19.08.2014 |

LOGFILE No. 04/2014 - Key to success in a world of failures

Investigation: A Key to Success in a World of Failures

by Thomas Peither, Maas & Peither AG, GMP Publishing, Germany

Life is full of risks and we all know that failures happen every day not only in every drug-manufacturing department.

The question is not how many failures happen but how to avoid the same failures in the future. One of the key success procedures is the investigation process in a pharmaceutical company.
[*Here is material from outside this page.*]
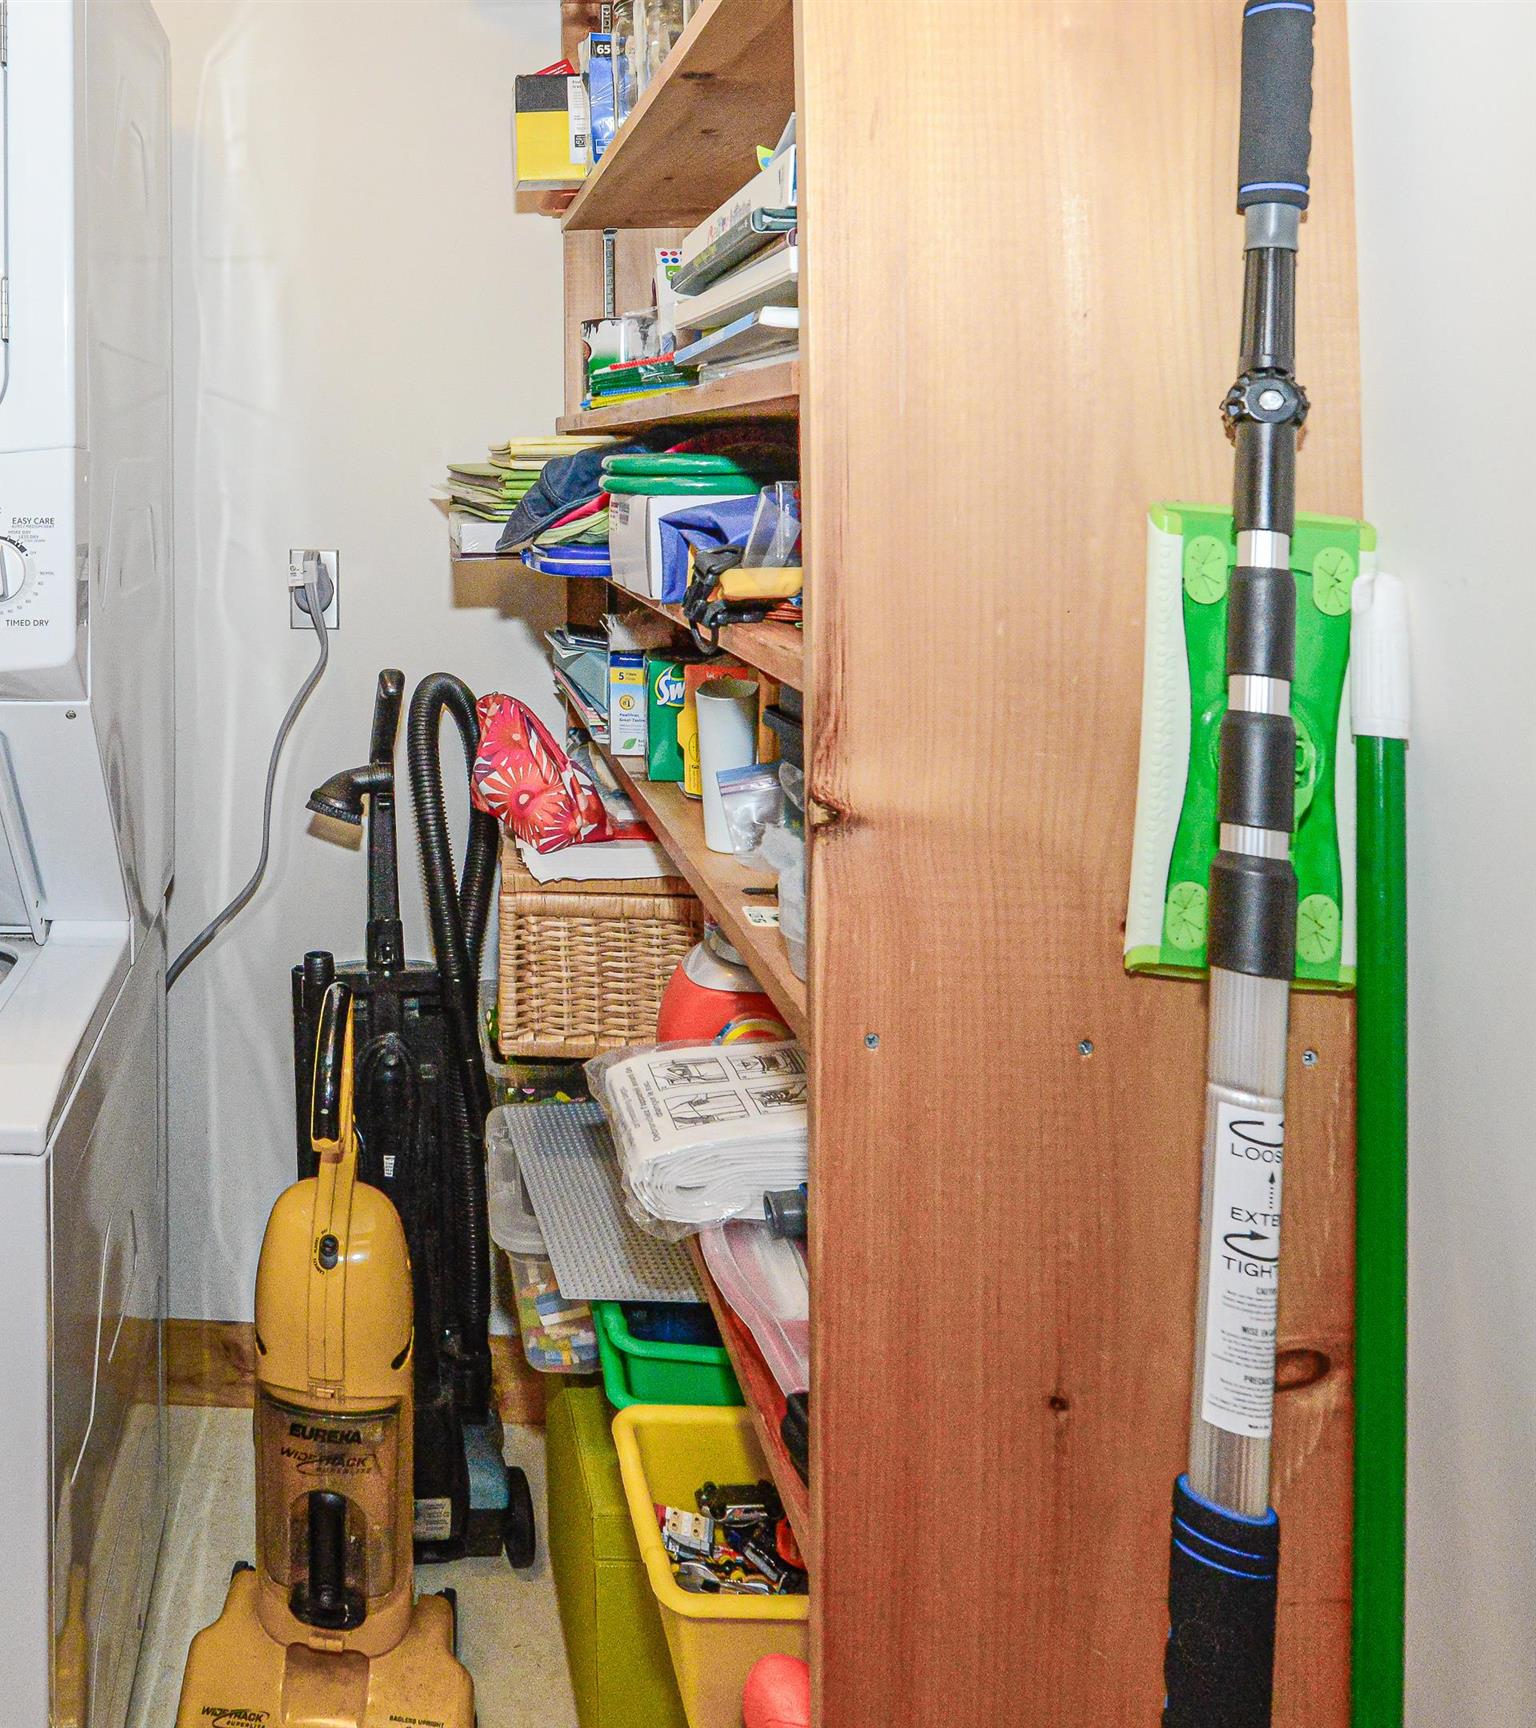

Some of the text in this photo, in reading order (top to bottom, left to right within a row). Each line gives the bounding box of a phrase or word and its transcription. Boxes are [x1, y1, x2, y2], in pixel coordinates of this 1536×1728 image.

[11, 517, 55, 525] EASY CARE
[4, 619, 50, 627] TIMED DRY
[618, 672, 624, 680] 5
[289, 1422, 362, 1444] EUREKA
Important GMP regulations force an investigation process, thus every company has already implemented a procedure to do so. However, does this really have an impact on the recurrence of failures in the future? Are the investigations conducted in a productive way?

This article provides some recommendations for improving investigations with the final goal that recurrence of the same mistakes is eliminated or reduced.

Effective science-based investigations lead to error prevention, operational excellence and 
patient safety. And it is an industry challenge to apply appropriate scientific rigor to investigations. As a GMP fundamental approach the investigation reports must be well documented. This seems to be an easy task. Nevertheless, I recommend taking a close look at your company’s recent investigation reports. Do you really understand the report? Is it written in a clear, precise way and without uncertainty?

I am sure you have already noticed the risks of an investigation report:

  • Inaccurate product impact
  • Inaccurate root cause assessment
  • Incorrect or insufficient corrective actions or preventive actions

This happens, because the process is inadequately implemented, trained or followed. The goal should be to write the best investigations ever leading to a significant reduction of cost and effort.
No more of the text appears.